[Stored dataset items]
# # # #

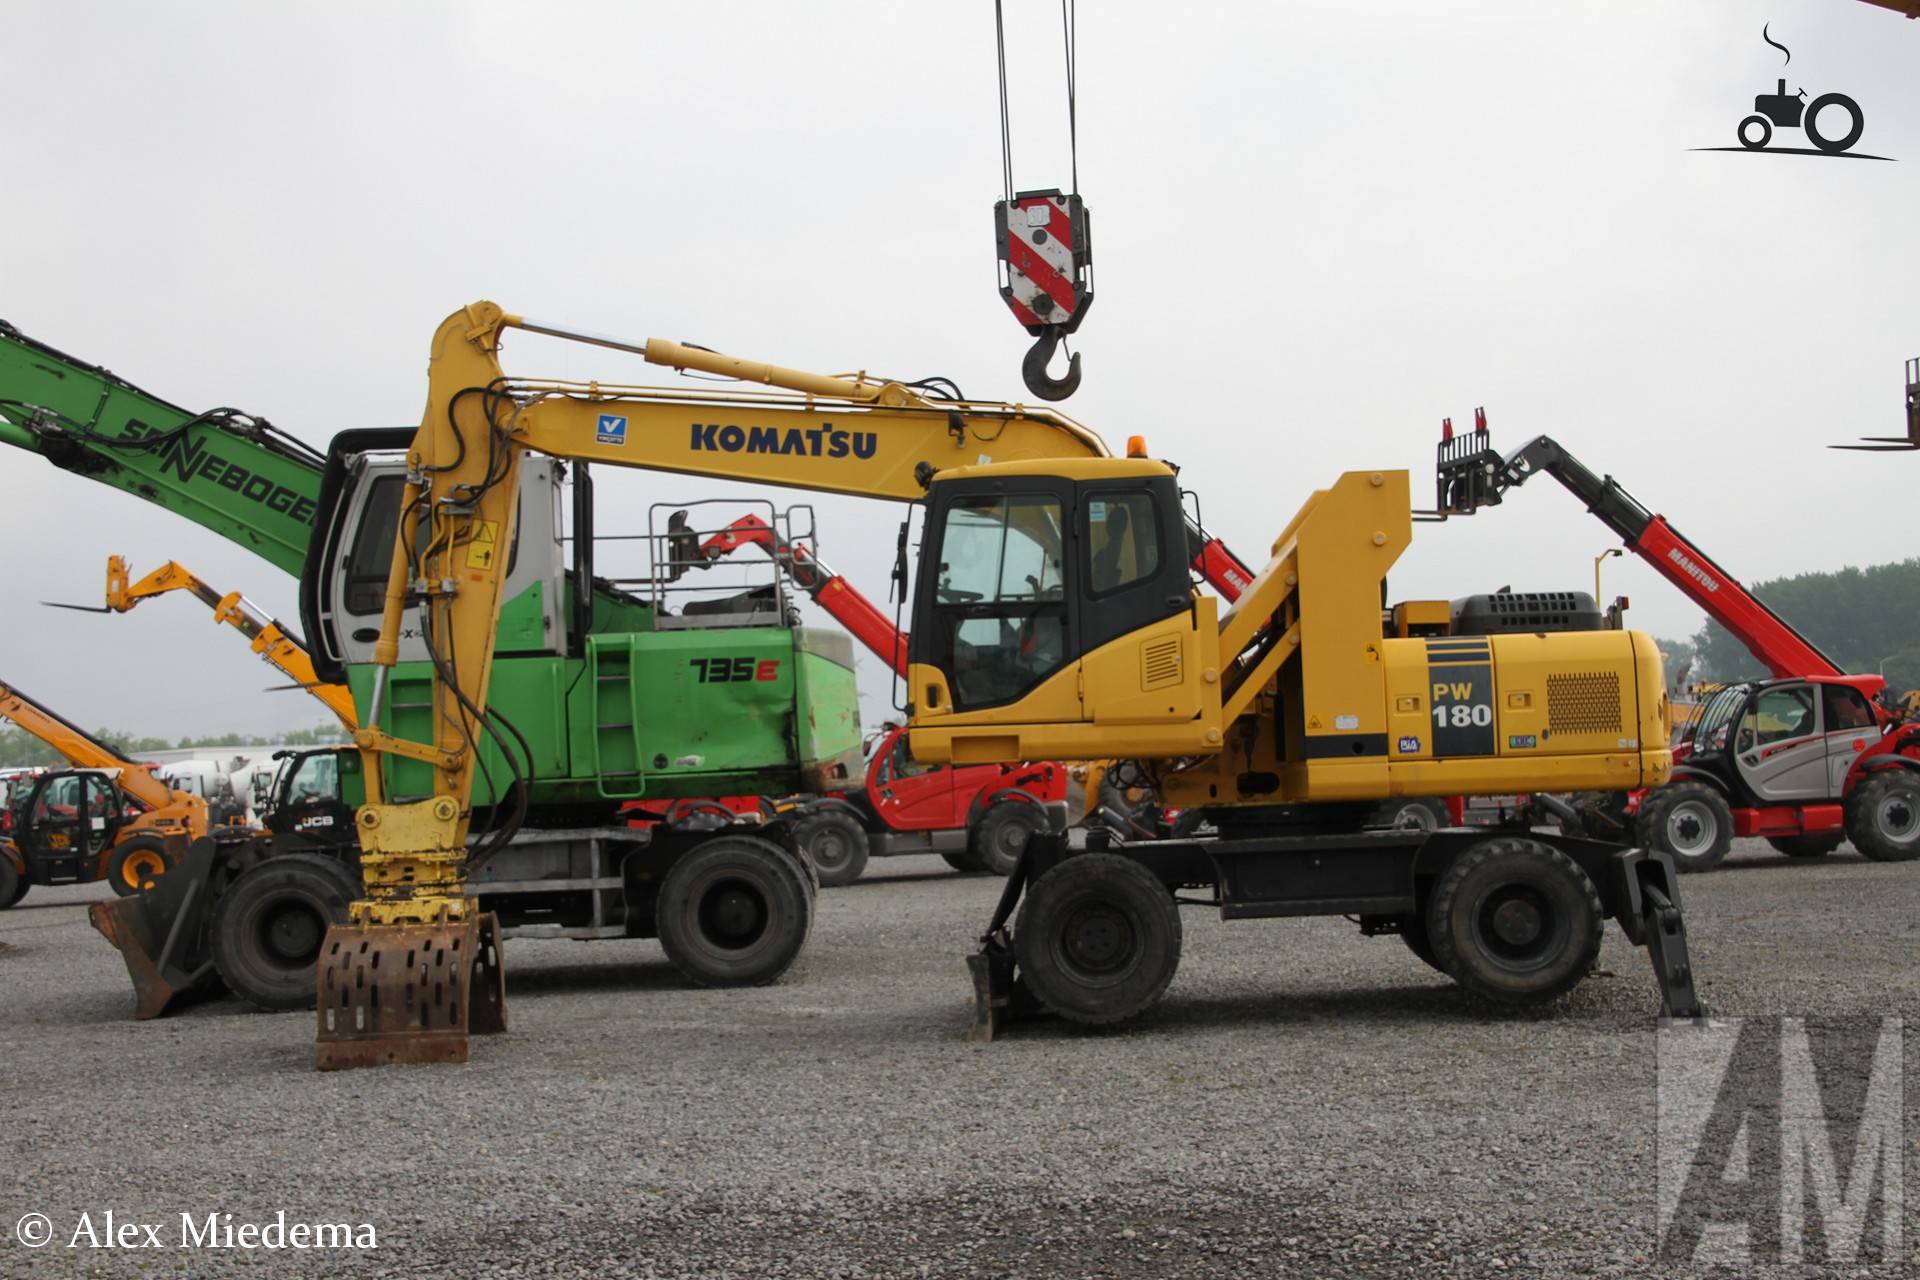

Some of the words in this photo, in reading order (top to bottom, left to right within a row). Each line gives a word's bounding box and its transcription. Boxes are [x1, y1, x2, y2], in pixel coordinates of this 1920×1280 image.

[690, 423, 877, 460] KOMATSU
[118, 418, 318, 527] SNNEBOGE
[1667, 547, 1719, 593] MANITOU
[690, 657, 780, 683] 735E
[1433, 682, 1472, 701] PW
[1432, 704, 1492, 728] 180
[302, 816, 334, 828] JCB

# # # #

### Problem
Repeat the data word for word. Skip the pictures.

### Task result
Some of the words in this photo, in reading order (top to bottom, left to right within a row). Each line gives a word's bounding box and its transcription. Boxes are [x1, y1, x2, y2], in pixel coordinates of this 1920×1280 image.

[690, 423, 877, 460] KOMATSU
[118, 418, 318, 527] SNNEBOGE
[1667, 547, 1719, 593] MANITOU
[690, 657, 780, 683] 735E
[1433, 682, 1472, 701] PW
[1432, 704, 1492, 728] 180
[302, 816, 334, 828] JCB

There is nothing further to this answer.